The evolution of child-related gender inequality in Germany and the role of family policies, 1960–2018
Ulrich Glogowsky,
Emanuel Hansen,
Dominik Sachs and
Holger Lüthen
European Economic Review, 2025, vol. 175, issue C
Abstract:
Using German administrative data from the 1960s onward, this paper (i) examines the long-term evolution of child-related gender inequality in earnings and (ii) assesses the impact of family policies on this inequality. Our first (methodological) contribution is a decomposition approach that separates changes in child-related inequality into three components: the share of mothers, child penalties, and potential earnings of mothers (absent children).
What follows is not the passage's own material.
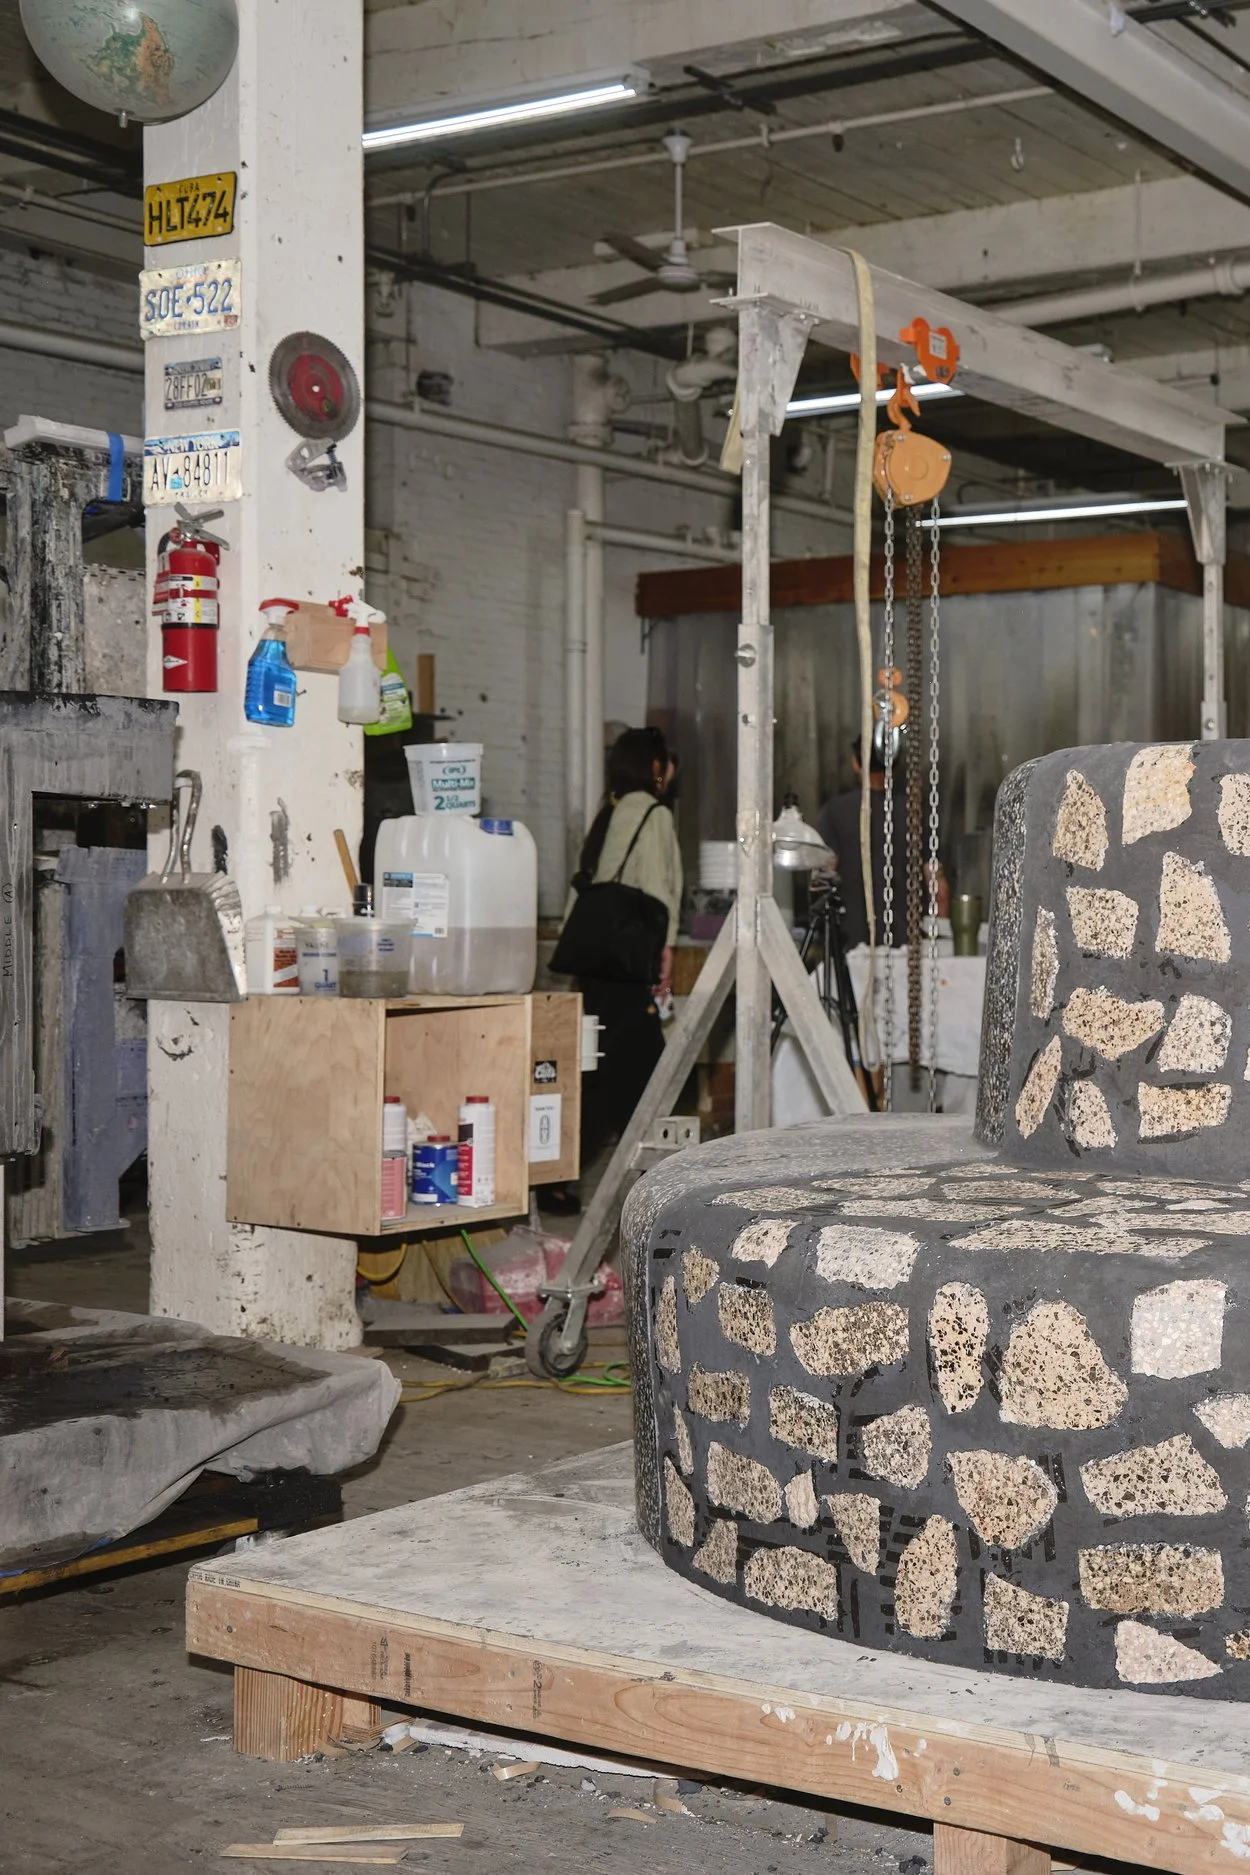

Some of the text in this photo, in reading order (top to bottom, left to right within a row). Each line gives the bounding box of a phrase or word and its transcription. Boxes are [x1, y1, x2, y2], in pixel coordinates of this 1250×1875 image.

[149, 190, 229, 235] HLT474
[434, 795, 446, 811] 2
[3, 916, 13, 977] MIDDLE
Our second contribution is a comprehensive analysis of child-related gender inequality in Germany. We derive three sets of findings. First, child penalties (i.e., the share of potential earnings mothers lose due to children) have increased strongly over the last decades. Mothers who had their first child in the 1960s faced much smaller penalties than those who gave birth in the 2000s. Second, the fraction of overall gender inequality in earnings attributed to children rose from 14% to 64% over our sample period. We show that this trend resulted not only from growing child penalties but also from rising potential earnings of mothers. Intuitively, in later decades, mothers had more income to lose from child-related career breaks. Third, we show that parental leave expansions between 1979 and 1992 amplified child penalties and explain nearly a third of the increase in child-related gender inequality. By contrast, a parental benefit reform in 2007 mitigated further increases.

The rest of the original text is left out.